Kondisi itu disebut sempat membuat warga kebingungan.
Baca juga: Penjelasan Dinas Perumahan soal Aliran Kali Marunda Disebut Terputus akibat Lumpur Proyek
Sebab mereka mengaku tidak mengetahui bahwa proyek tersebut akan mencapai aliran kali yang berada persis di samping jembatan di Jalan Rumah Si Pitung itu.
"Posisi ketutupnya ya baru minggu-minggu ini. itu kan akses utama ke situ. Keluar masuknya air," kata Nesar selaku Ketua RT 07/RW 07 Marunda saat ditemui Kompas.com, Senin.

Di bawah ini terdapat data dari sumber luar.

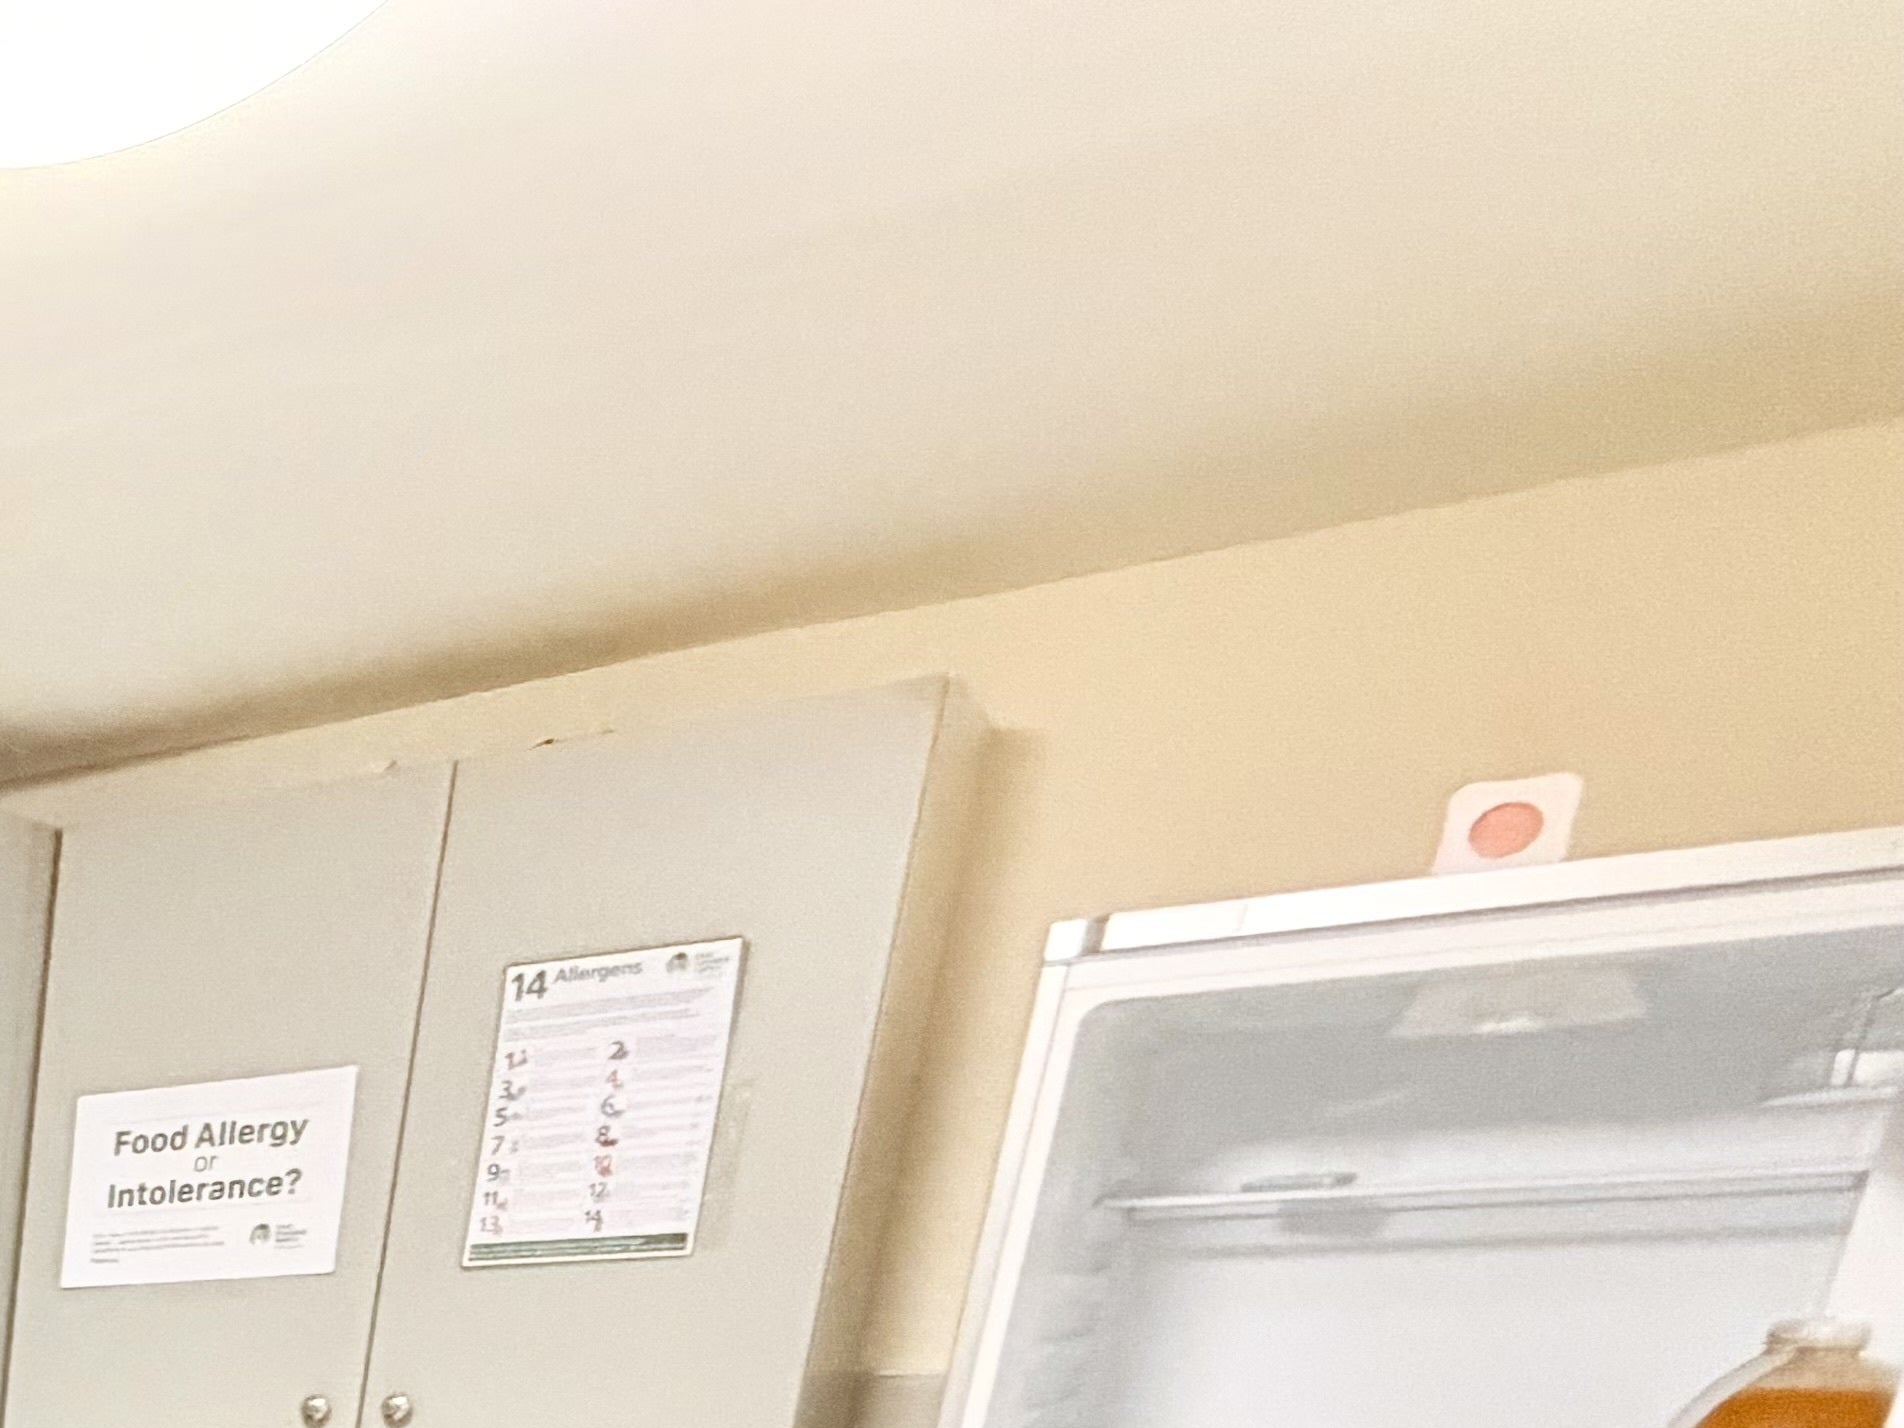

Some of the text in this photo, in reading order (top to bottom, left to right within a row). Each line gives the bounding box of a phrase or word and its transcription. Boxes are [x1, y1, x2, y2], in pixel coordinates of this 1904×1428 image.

[510, 962, 644, 1003] 14 Allergens
[608, 1040, 626, 1060] 2
[499, 1080, 513, 1099] 3
[493, 1106, 508, 1127] 5
[601, 1095, 615, 1117] 6
[113, 1117, 310, 1157] Food Allergy
[491, 1135, 506, 1156] 7
[596, 1125, 611, 1145] 8
[192, 1153, 219, 1173] or
[487, 1163, 501, 1182] 9
[107, 1167, 304, 1209] Intolerance?

Warga Kaget Lumpur Tiba-Tiba Muncul
Nesan mengaku tidak tahu apabila aliran kali tersebut menjadi salah satu titik pengurukan proyek rusunawa Marunda.
"Kami saja enggak tahu diuruk sampai situ," ucapnya.

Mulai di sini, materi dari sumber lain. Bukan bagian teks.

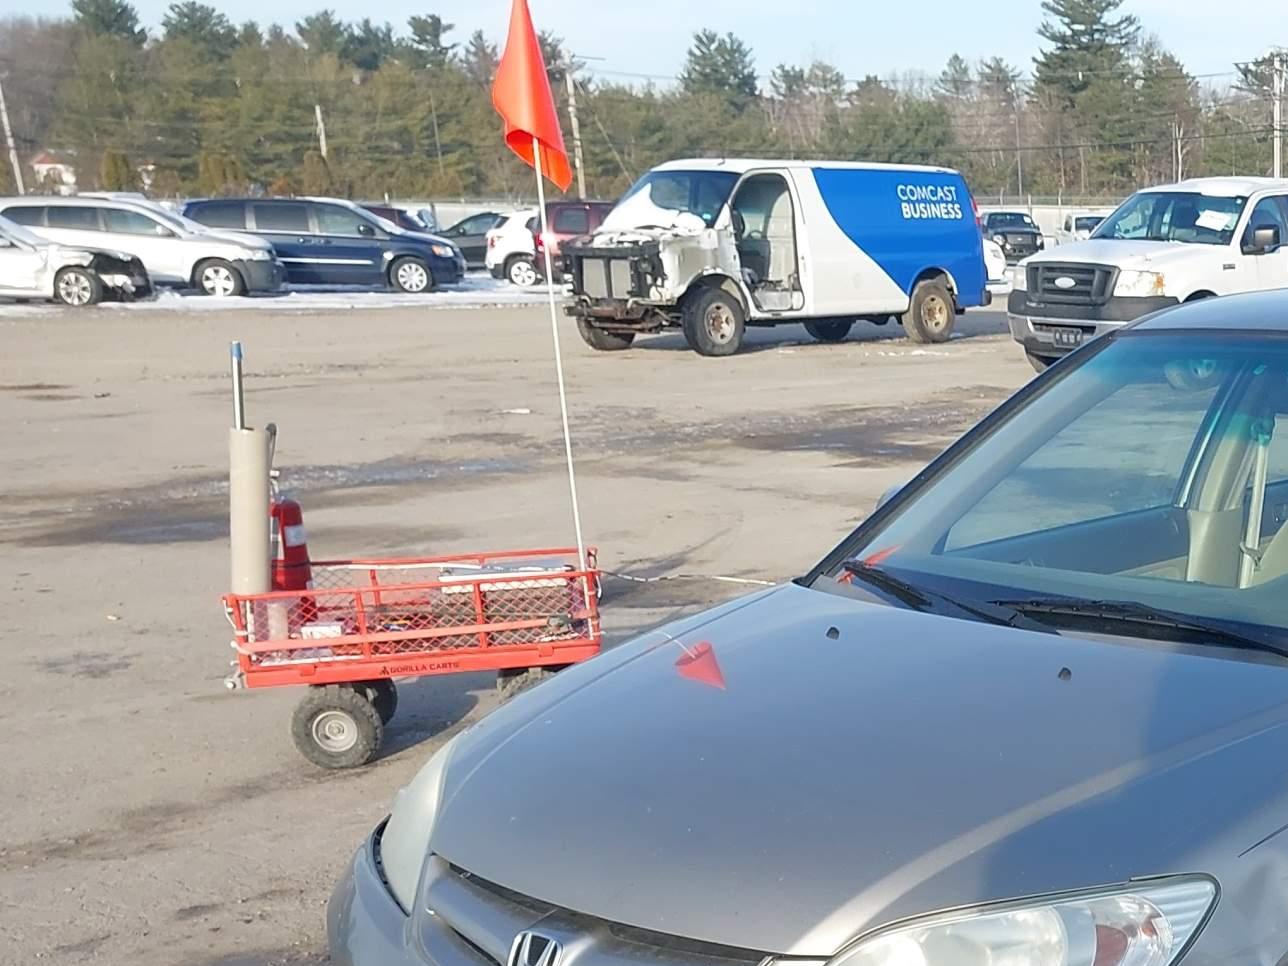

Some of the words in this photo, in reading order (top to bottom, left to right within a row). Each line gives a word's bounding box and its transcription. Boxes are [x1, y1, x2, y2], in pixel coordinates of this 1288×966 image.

Menurutnya, ia sudah sempat melakukan komunikasi dengan pihak proyek saat mengetahui aliran kali terputus.
Namun, saran yang ia berikan belum dilaksanakan.
"Makanya kemarin saya arahin, 'Jadi tuh kalau dari tumpukan lumpur ya, sebelah kanannya itu tuh ya kan, kan ada pohon-pohon itu, nah itu pohon dihabisin tuh, dikeruk. Jadi dia lewat ke pinggir, enggak mungkin di tengah jembatan lagi,' gitu," ungkapnya.
Baca juga: Warga Bingung Pengurugan Proyek Rusun Marunda Makin Dekat Kali, Dinas Beri Penjelasan
Senasa, Ketua RT 1/RW 07 Arizal juga mengaku kaget saat awal-awal dirinya melihat proses pengurukan yang makin membuat mereka kebingungan.
"Cuman saya kalau berangkat kerja tuh pagi, berangkat kerja ngelewat, 'Kok kemari ya?' gitu, jalan. Besok lagi ngelewat, 'Kemari ya?' lha makin lama makin deket," tuturnya.
Ia menjelaskan, reaksi bingung warga sekitar maupun pengurus RT bisa terjadi karena mereka memang belum pernah diberikan sosialisasi secara spesifik terkait pengurugan dekat area kali dan jembatan.
"Enggak ada imbauan apa-apa, enggak ada sosialisasi apa-apa, enggak ada pemberitahuan, rapat atau saya bilang saya enggak ngerti," ujarnya.